▶ **BRIEF**
Reproduce the listing exactly, with no pictures in your copy.

▶ **RECORDS FOR THIS EXERCISE**
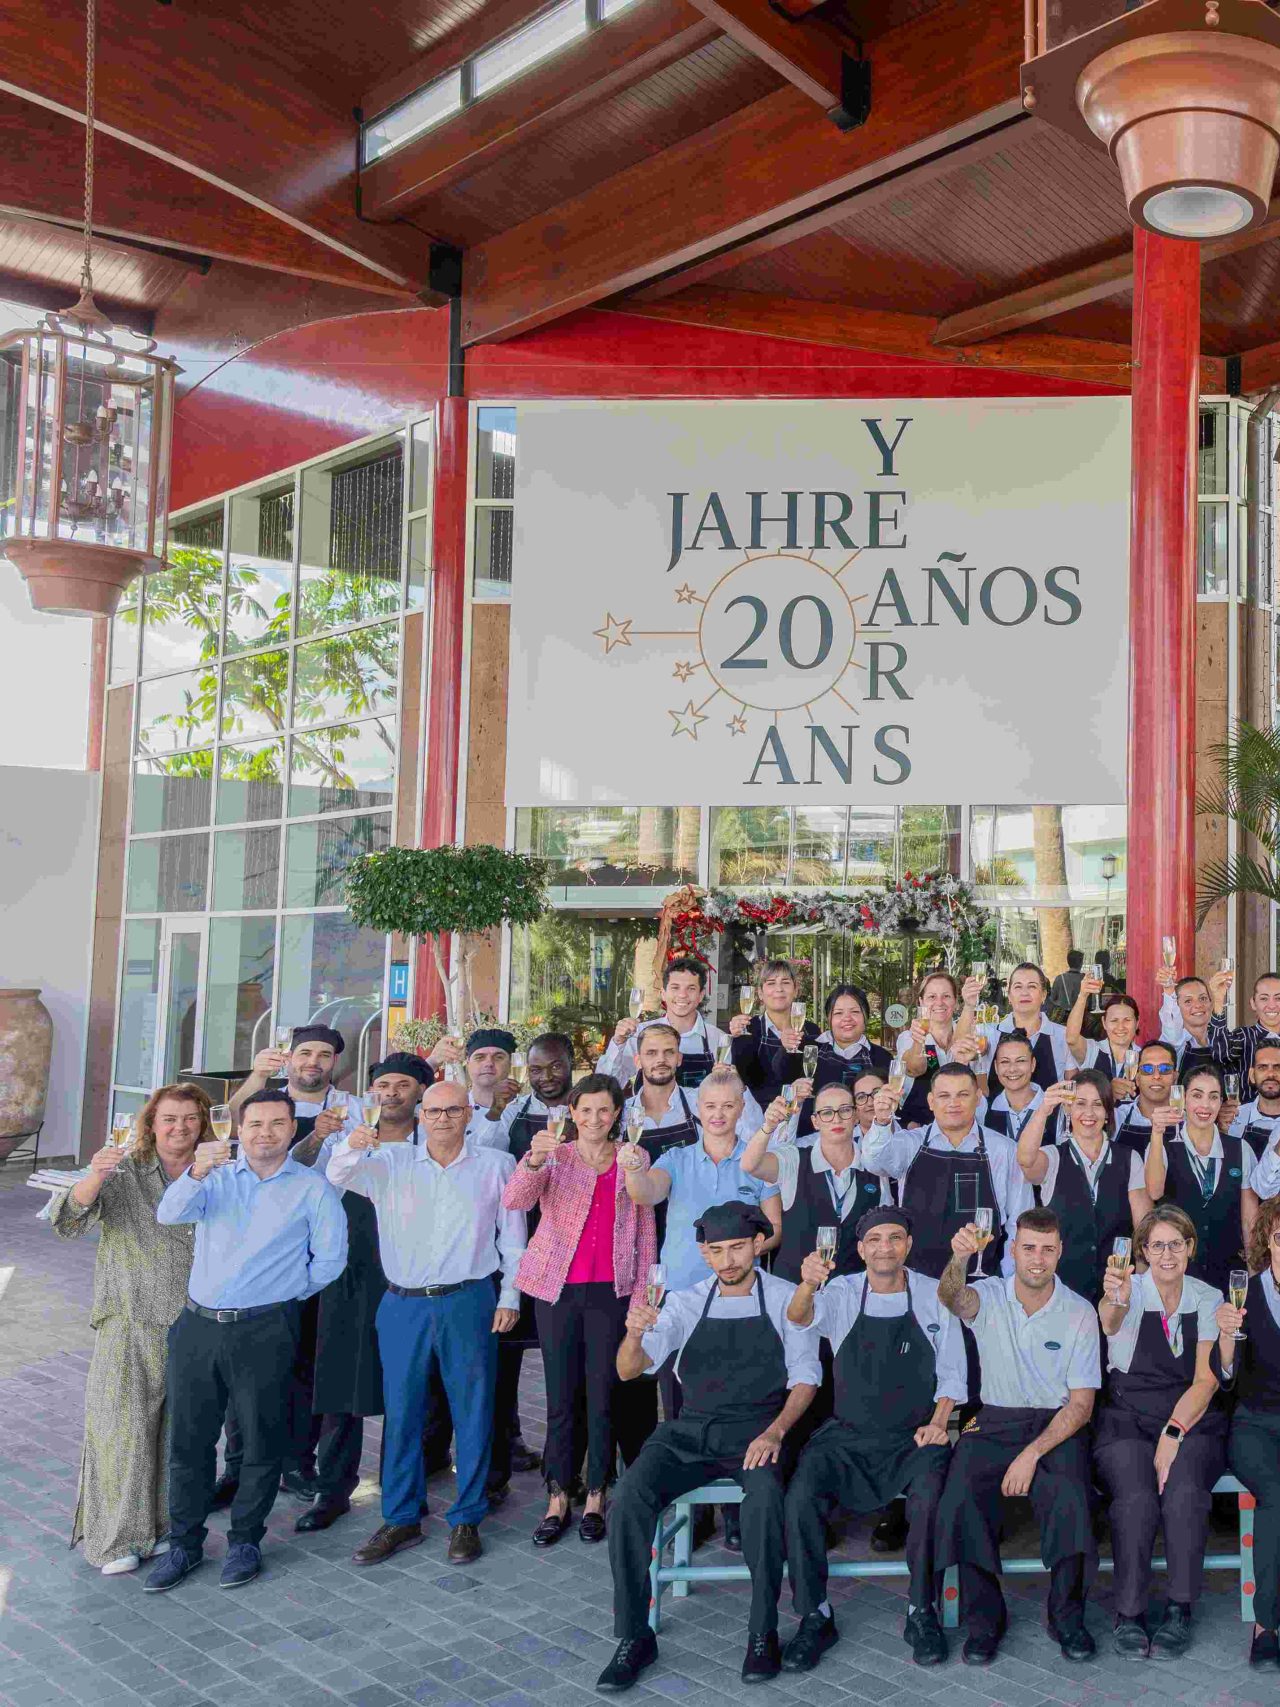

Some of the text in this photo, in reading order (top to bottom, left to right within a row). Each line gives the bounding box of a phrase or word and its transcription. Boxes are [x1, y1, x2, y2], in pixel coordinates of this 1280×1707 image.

[667, 491, 907, 573] JAHRE
[861, 551, 1082, 627] AÑOS
[720, 594, 834, 670] 20
[743, 724, 912, 786] ANS
[394, 970, 405, 995] H

▶ **RESULT OF THE EXERCISE**
Some of the text in this photo, in reading order (top to bottom, left to right within a row). Each line gives the bounding box of a phrase or word and its transcription. Boxes are [x1, y1, x2, y2], in pixel coordinates of this 1280×1707 image.

[667, 491, 907, 573] JAHRE
[861, 551, 1082, 627] AÑOS
[720, 594, 834, 670] 20
[743, 724, 912, 786] ANS
[394, 970, 405, 995] H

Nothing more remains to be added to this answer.